WORK REQUEST — Restate all the entries exactly as they appear, apart from the pictures.
>>>>>
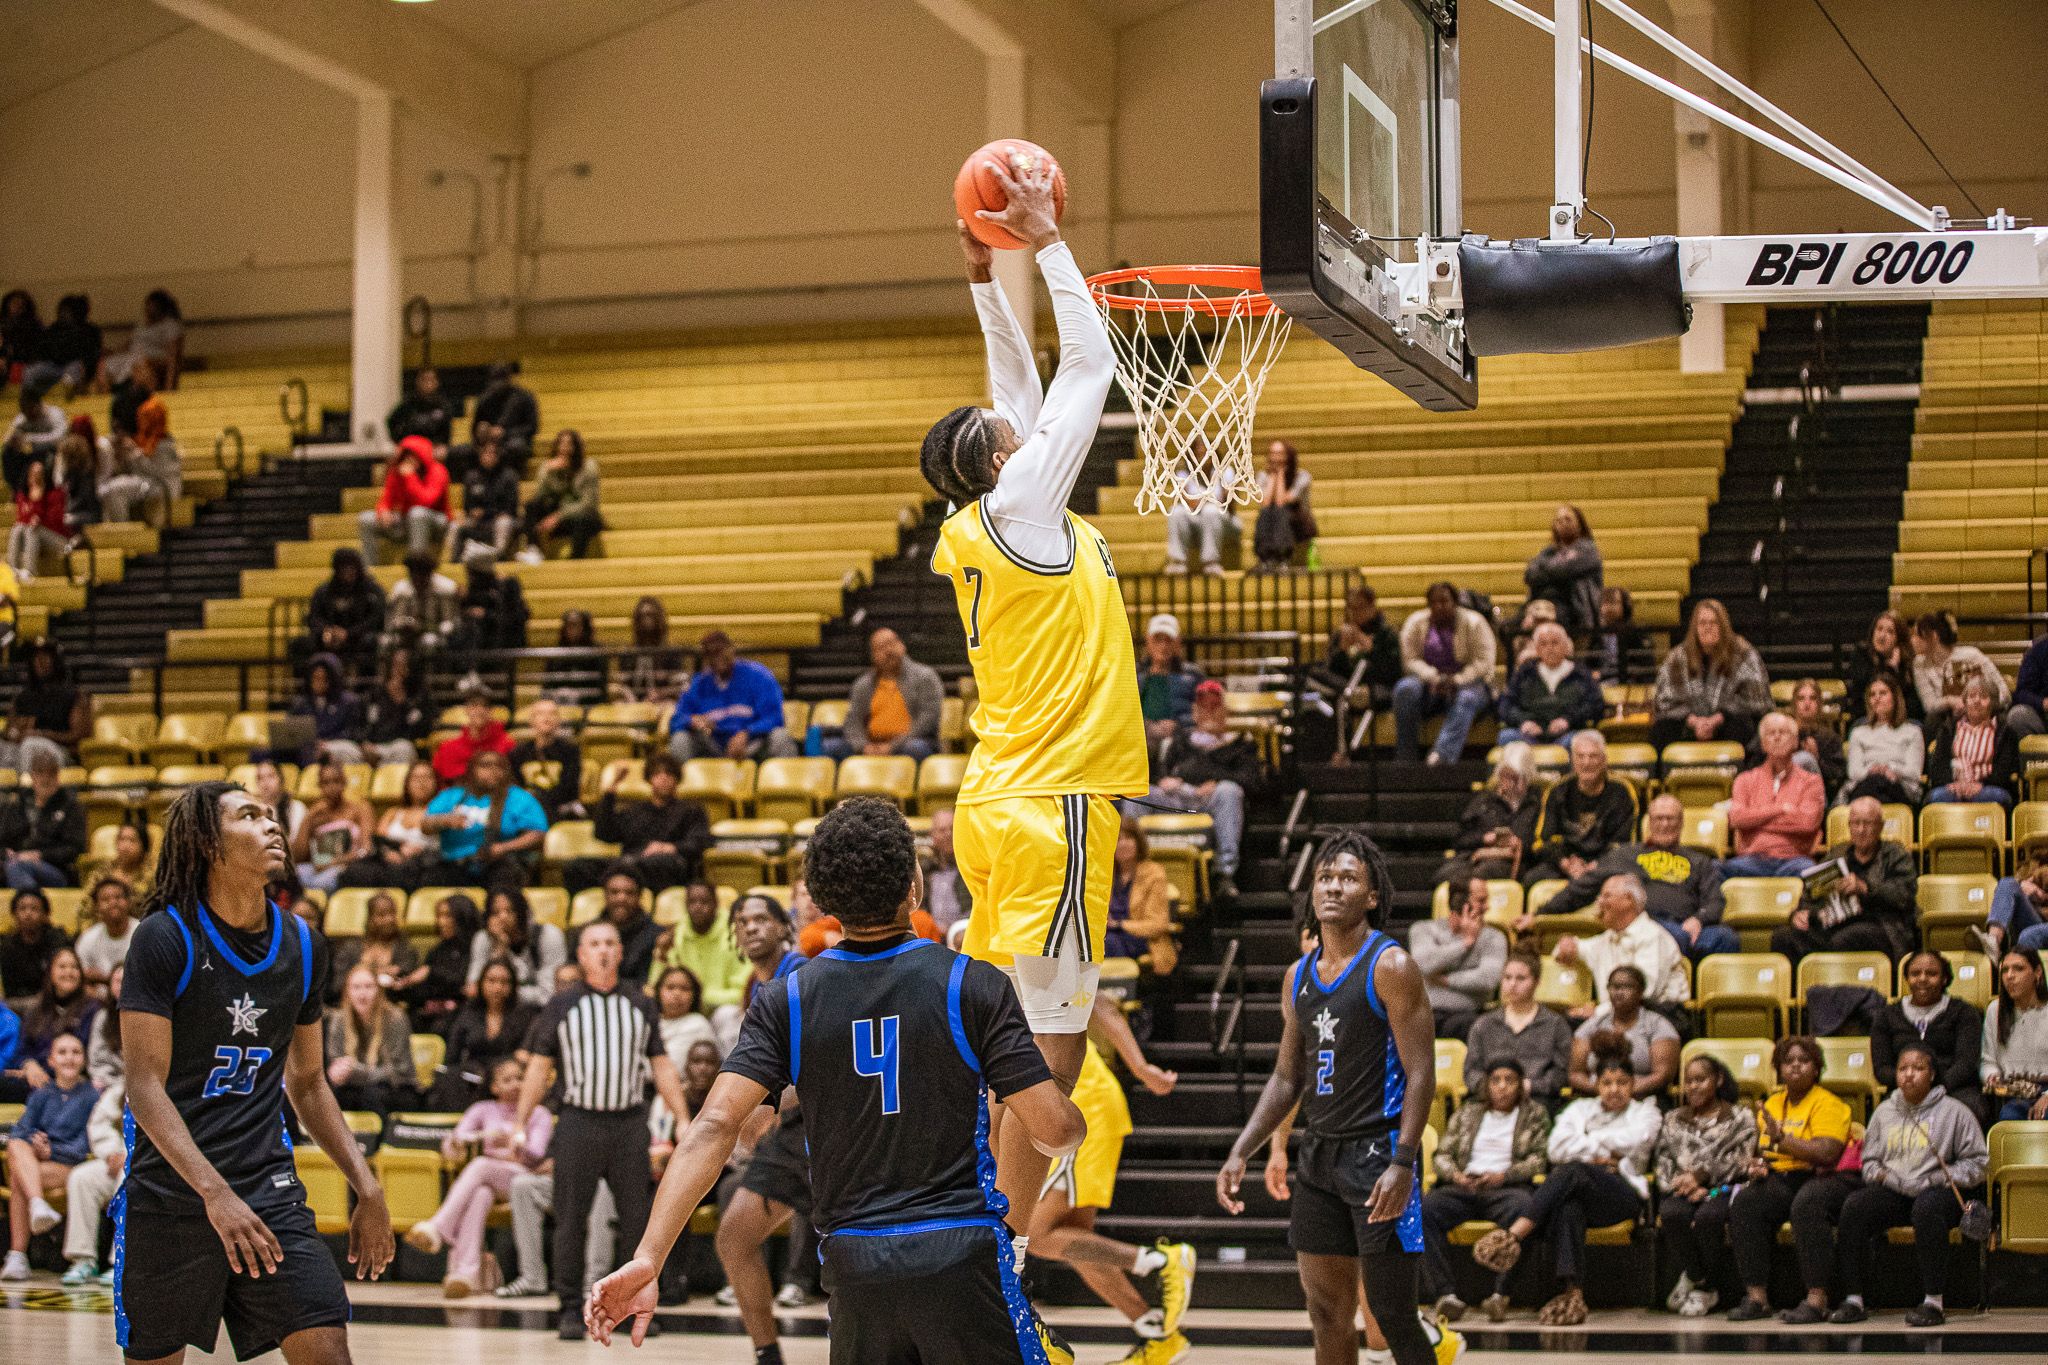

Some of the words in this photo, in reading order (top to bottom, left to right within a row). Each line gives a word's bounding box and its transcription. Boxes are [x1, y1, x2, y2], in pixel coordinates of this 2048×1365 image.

[1745, 242, 1848, 286] BPI
[1852, 240, 1975, 286] 8000
[963, 566, 982, 650] 7
[202, 1045, 273, 1099] 23
[852, 1015, 900, 1115] 4
[1317, 1050, 1335, 1096] 2
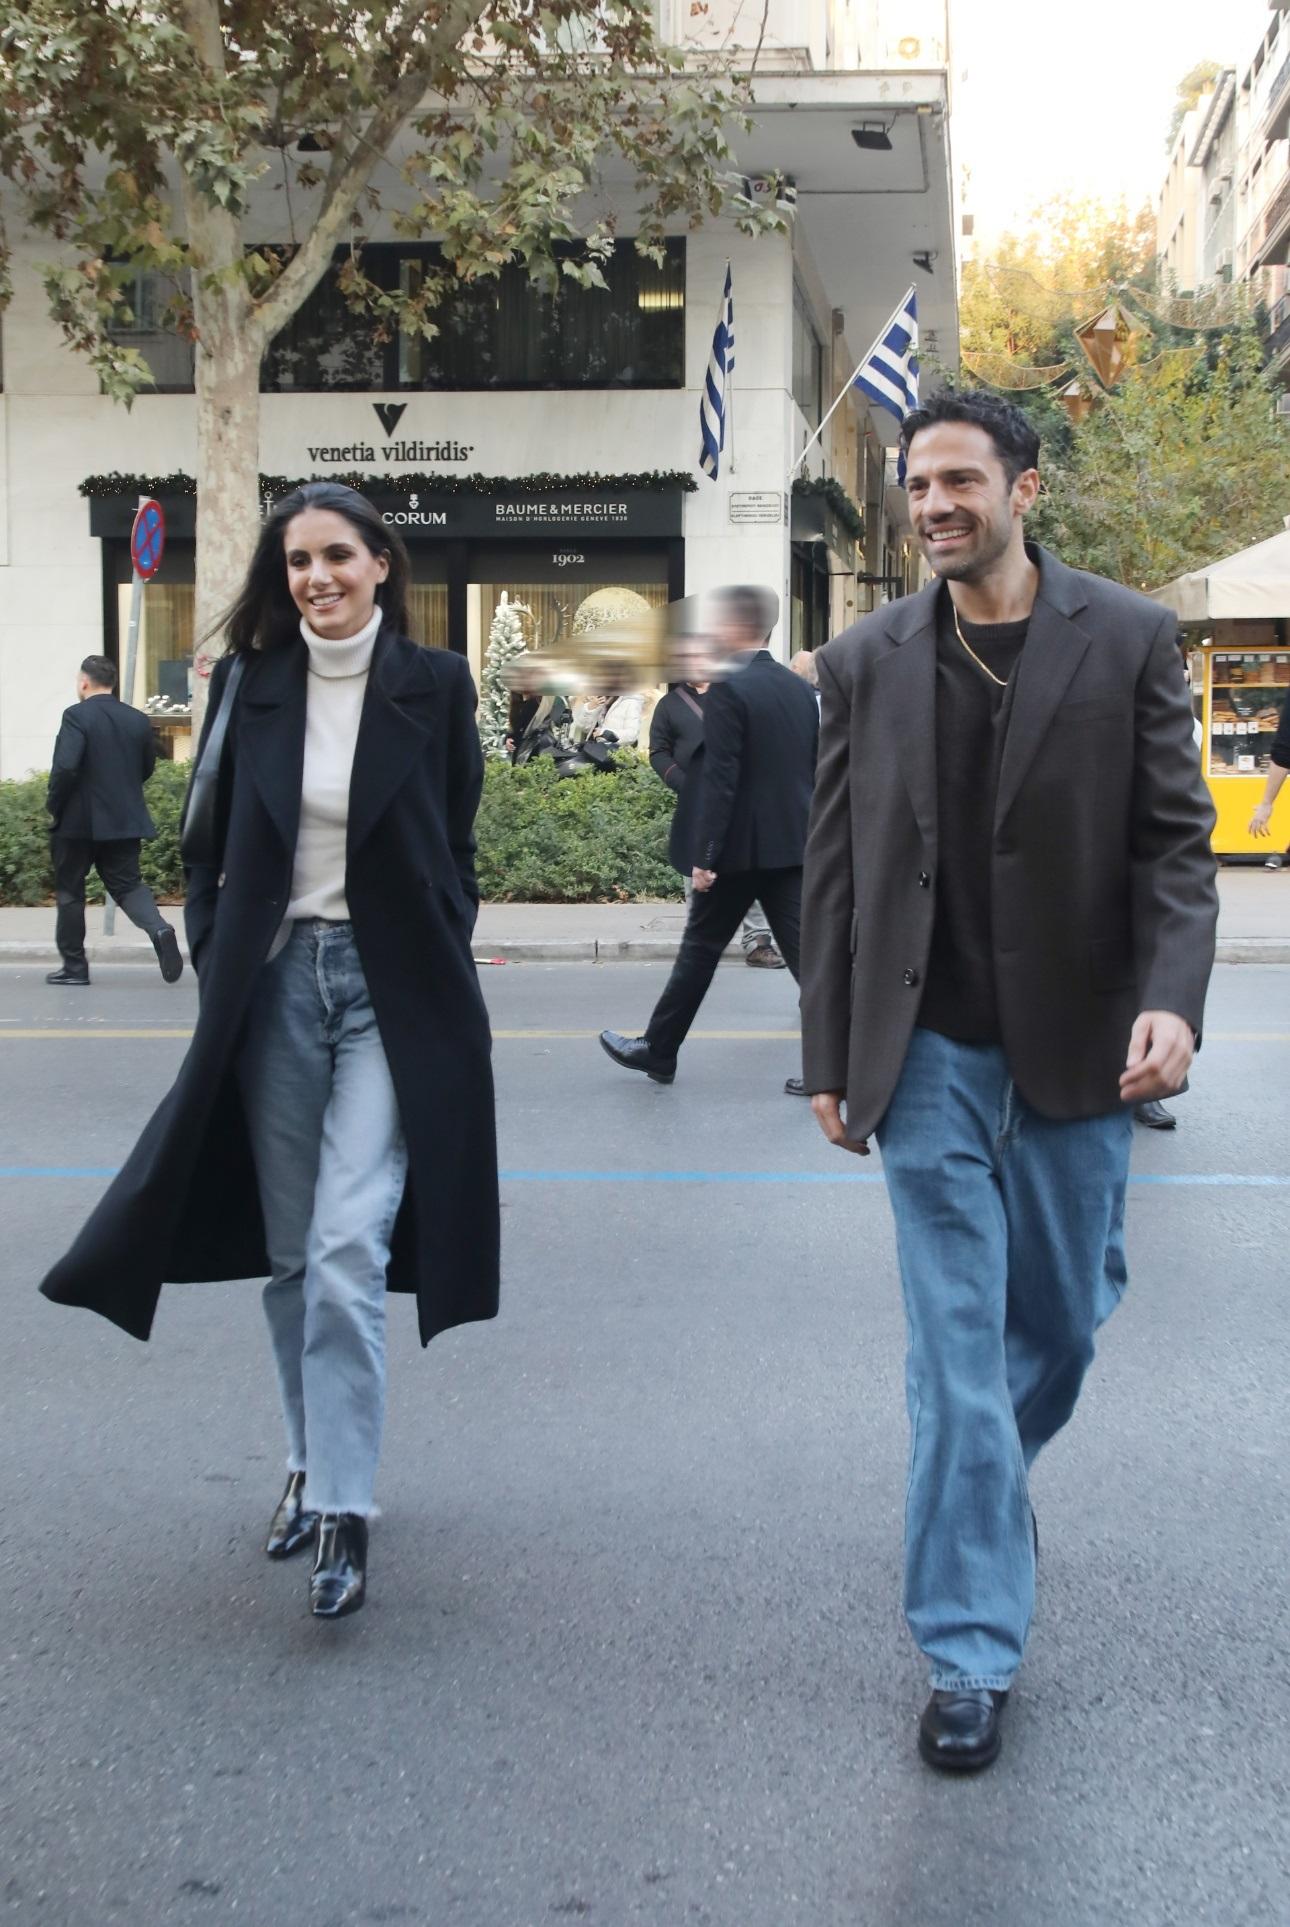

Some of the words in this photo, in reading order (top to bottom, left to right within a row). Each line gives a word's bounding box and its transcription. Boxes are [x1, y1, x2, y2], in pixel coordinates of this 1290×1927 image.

[307, 441, 375, 462] venetia
[381, 441, 468, 461] vildiridis
[495, 504, 547, 515] BAUME
[560, 503, 628, 515] MERCIER
[382, 512, 447, 525] CORUM
[551, 554, 585, 567] 1902
<<<<<
SOLUTION TO THE PROBLEM —
Some of the words in this photo, in reading order (top to bottom, left to right within a row). Each line gives a word's bounding box and its transcription. Boxes are [x1, y1, x2, y2], in pixel coordinates of this 2048×1365 image.

[1745, 242, 1848, 286] BPI
[1852, 240, 1975, 286] 8000
[963, 566, 982, 650] 7
[202, 1045, 273, 1099] 23
[852, 1015, 900, 1115] 4
[1317, 1050, 1335, 1096] 2

Some of the words in this photo, in reading order (top to bottom, left to right within a row). Each line gives a word's bounding box and its transcription. Boxes are [x1, y1, x2, y2], in pixel coordinates of this 1290×1927 image.

[307, 441, 375, 462] venetia
[381, 441, 468, 461] vildiridis
[495, 504, 547, 515] BAUME
[560, 503, 628, 515] MERCIER
[382, 512, 447, 525] CORUM
[551, 554, 585, 567] 1902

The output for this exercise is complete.